When IT projects founder, emotions run high
Conflicted feelings are common when big tech projects go awry. Group hug, anyone?
Computerworld - Dana B. Harris still remembers the loss he felt when his project was canned, and it's been 20 years now.
Harris was working on sonar acoustics software for the Arleigh Burke guided missile destroyers. It was highly advanced, mathematically challenging software, and Harris "was really into it, really excited about it."
But 1990 was a bad year for the defense industry. The Cold War was ending, and a diminishing threat meant diminishing budgets -- and, ultimately, a diminished project. Abruptly, Harris's part of it was shelved.
"That was pretty depressing," says Harris, now at Computer Sciences Corp., where he is manager of United Technology Corp.'s global program management office. "Not having the excitement of developing that kind of software, it was like I'd lost something. I remember that feeling very, very clearly."
It particularly pained Harris that his team's work was simply junked. "Our efforts, our work, were just cut," he says.
Stung by the cancellation, and worried about the health of the industry, Harris wound up leaving defense entirely to start a business working on commercial application software.
It's hard not to get emotional when lengthy, high-profile technology projects are unfairly killed, mercifully euthanized or launched with flaws.
"A lot of our job satisfaction comes out of seeing your product go live, being used by your business and customers," says Ken Corless, executive director of enterprise applications at Accenture. "If you've been on something for 19 months, working 80-hour weeks for six months before 'go live,' and you're supposed to go live in six weeks and the rug gets pulled out, you feel pretty bad."
Thinking about feelings
Problem is, when IT people feel bad, they tend not to talk about those feelings.

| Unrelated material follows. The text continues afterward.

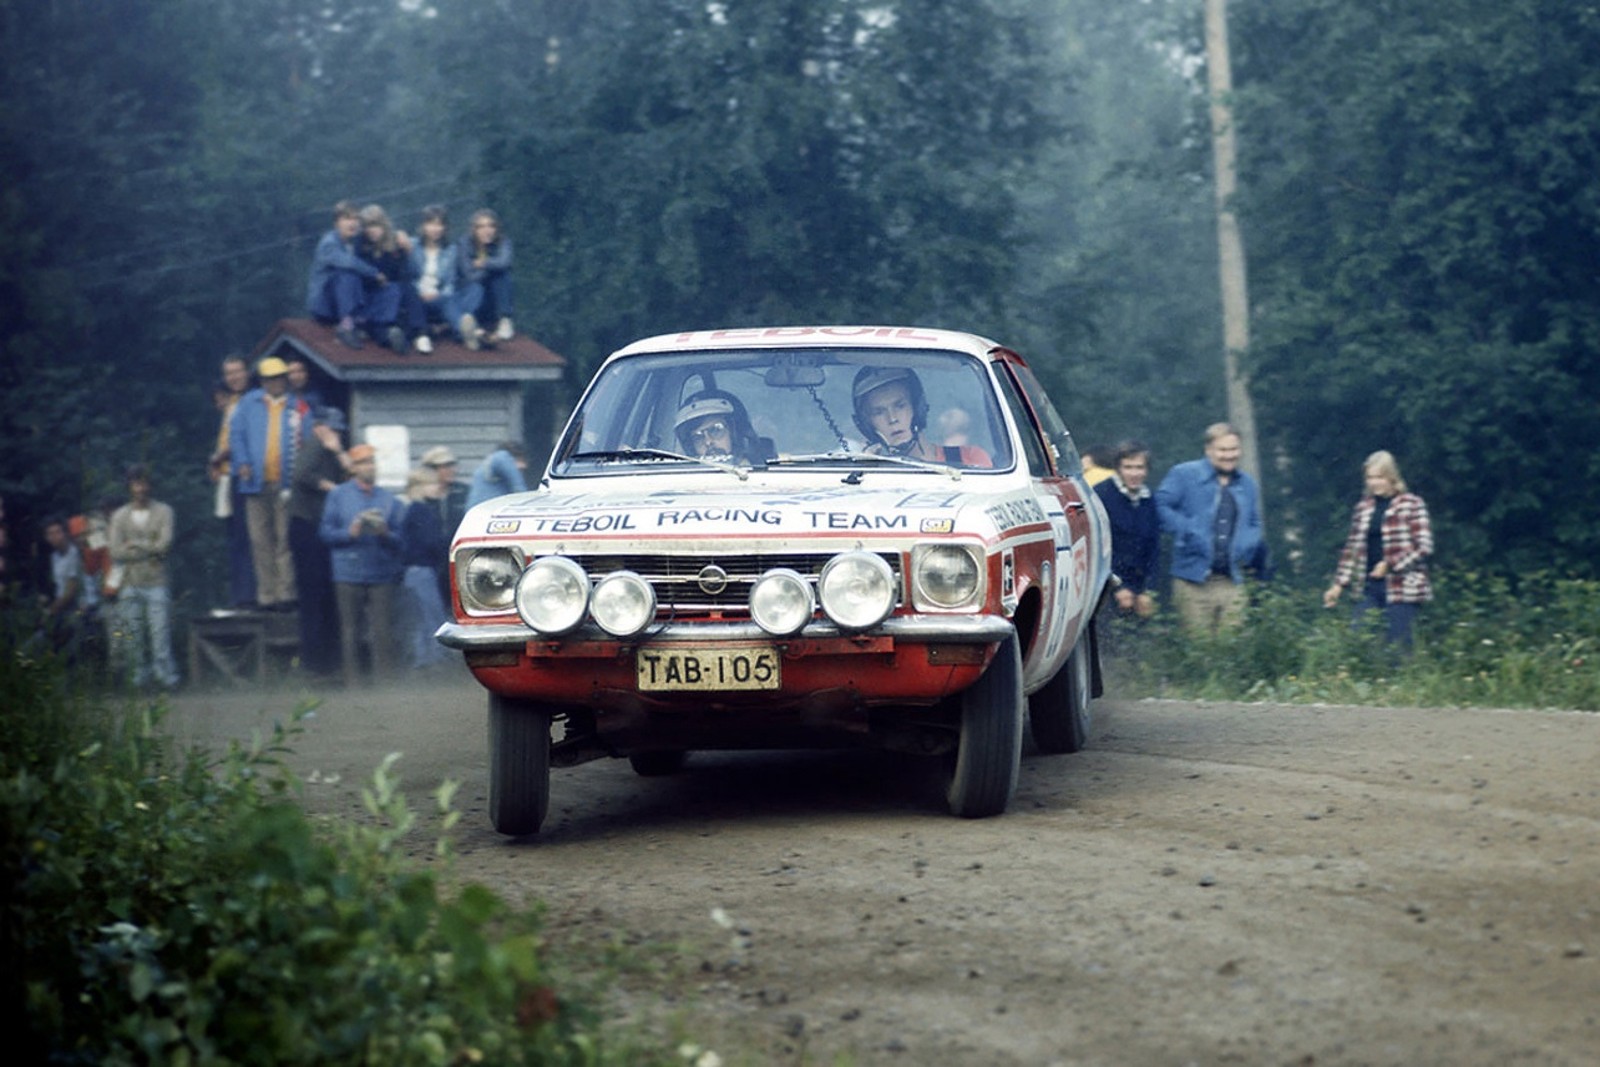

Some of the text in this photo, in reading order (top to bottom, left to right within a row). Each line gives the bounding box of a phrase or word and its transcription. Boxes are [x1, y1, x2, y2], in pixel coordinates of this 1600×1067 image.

[535, 508, 907, 533] TEBOIL RACING TEAM
[643, 654, 773, 684] TAB-105

If companies were Star Trek, IT would be Spock, or so goes the myth. And that myth does have some basis in fact, says Bill Hagerup, a senior consultant at Ouellette & Associates, which consults on the human side of IT management. In general, techies "tend to give short shrift to people's feelings," he says. "I know I'm stereotyping here, but our strength is thinking. We're great problem-solvers; we tend to forget feelings."
Hagerup, who spent years in corporate IT, distinctly remembers his depression over a long-ago project that failed to meet expectations. He was a lead analyst on a project at a health insurer, working long days and weekends. Despite the extra effort, the project timeline was simply too short, and what his team delivered at the deadline was about 60% of what the business expected.

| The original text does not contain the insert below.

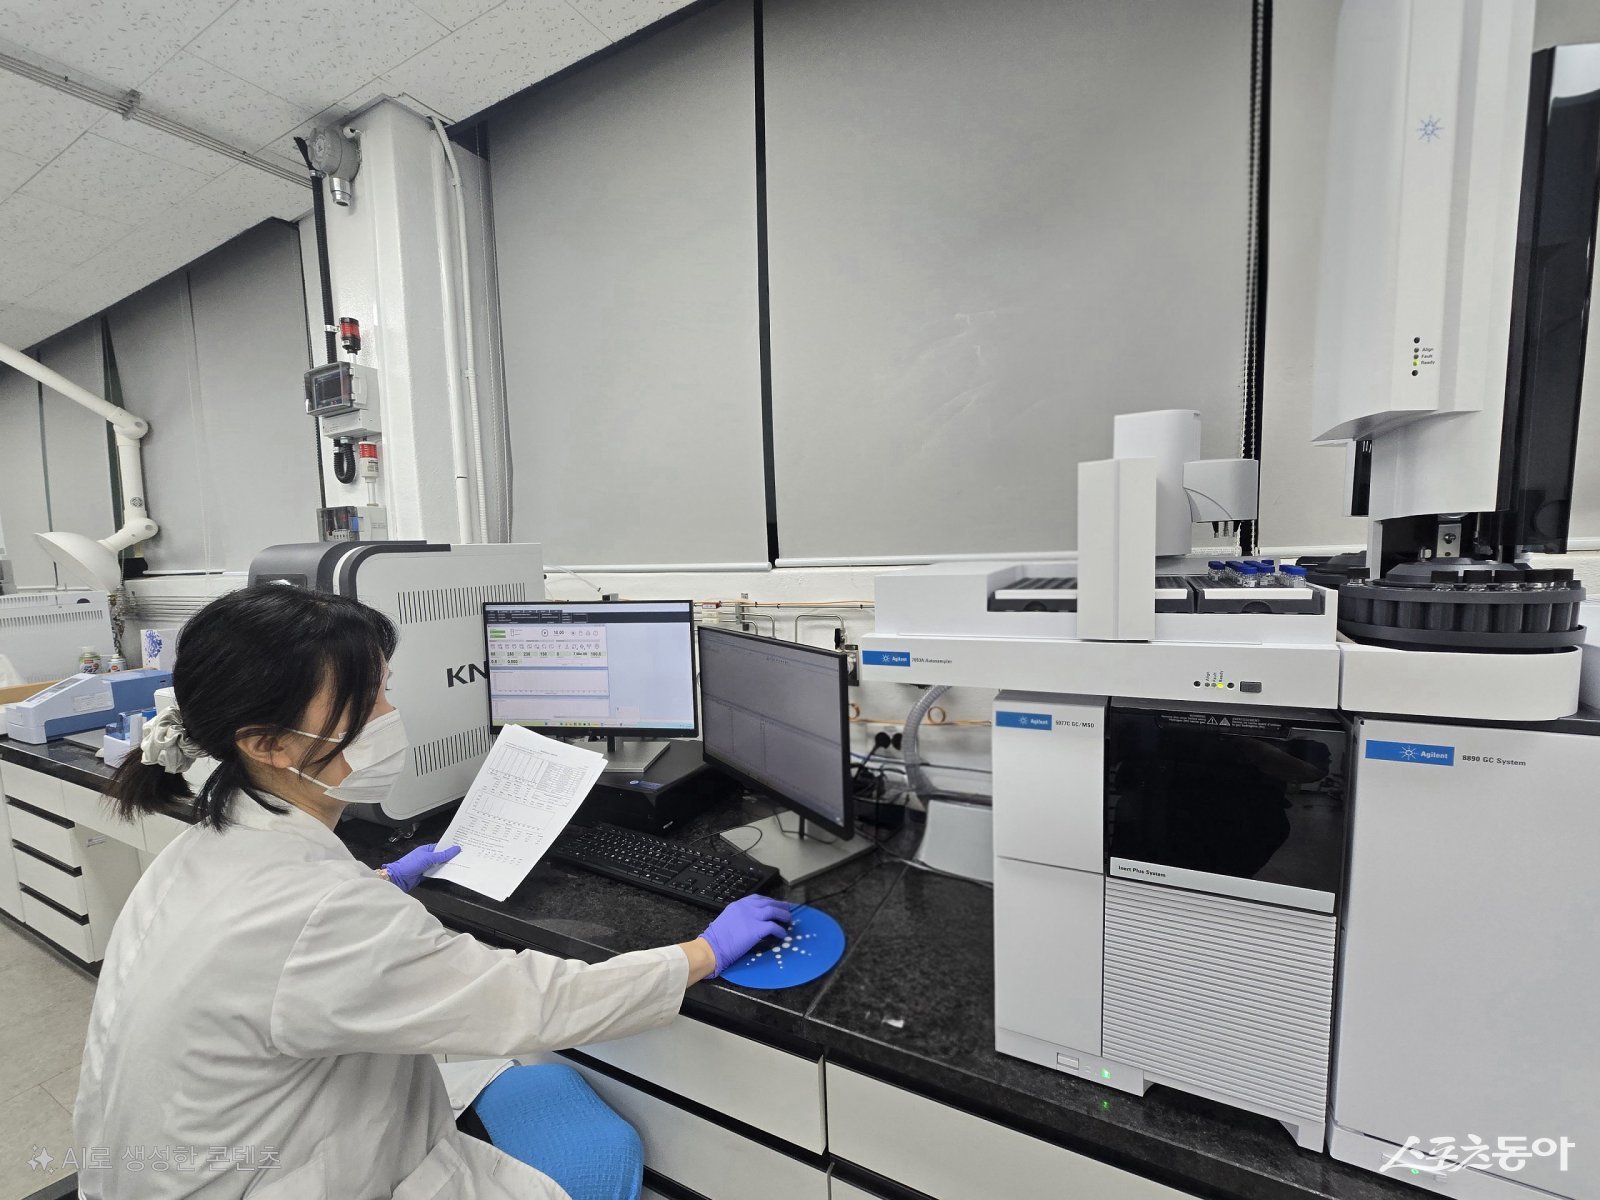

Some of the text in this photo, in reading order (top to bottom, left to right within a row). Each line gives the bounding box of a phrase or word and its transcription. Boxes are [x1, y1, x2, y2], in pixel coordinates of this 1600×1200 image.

There was no joy in IT-ville, not even an "attaboy" for the effort, Hagerup says. Some downheartedness about a poor project outcome was probably inevitable, but it would have helped if there had been some empathy for the IT team, he says.
He wishes IT management had sat down with his team and let them talk through their anger at the unreasonable deadline and the lack of support for the project. Even some simple words of appreciation for the effort they had given would have been a big help, Hagerup says.
As his group eventually proved, the project's scope was too large for its initial deadline. Failing to complete it on time shouldn't have generated such a pervasive air of disapproval, yet it did.
Hagerup and his team, which numbered about 10 people, went into a techie variation of the classic Kübler-Ross grief cycle -- denial, anger, bargaining, depression and acceptance -- spending several productivity-sapping weeks in the depression phase.
Through informal talks at lunches or commiserating over beers on Friday nights, "gradually, we came out of it," he says. "We circled the wagons a little bit, took strength from each other and reminded ourselves it wasn't our fault."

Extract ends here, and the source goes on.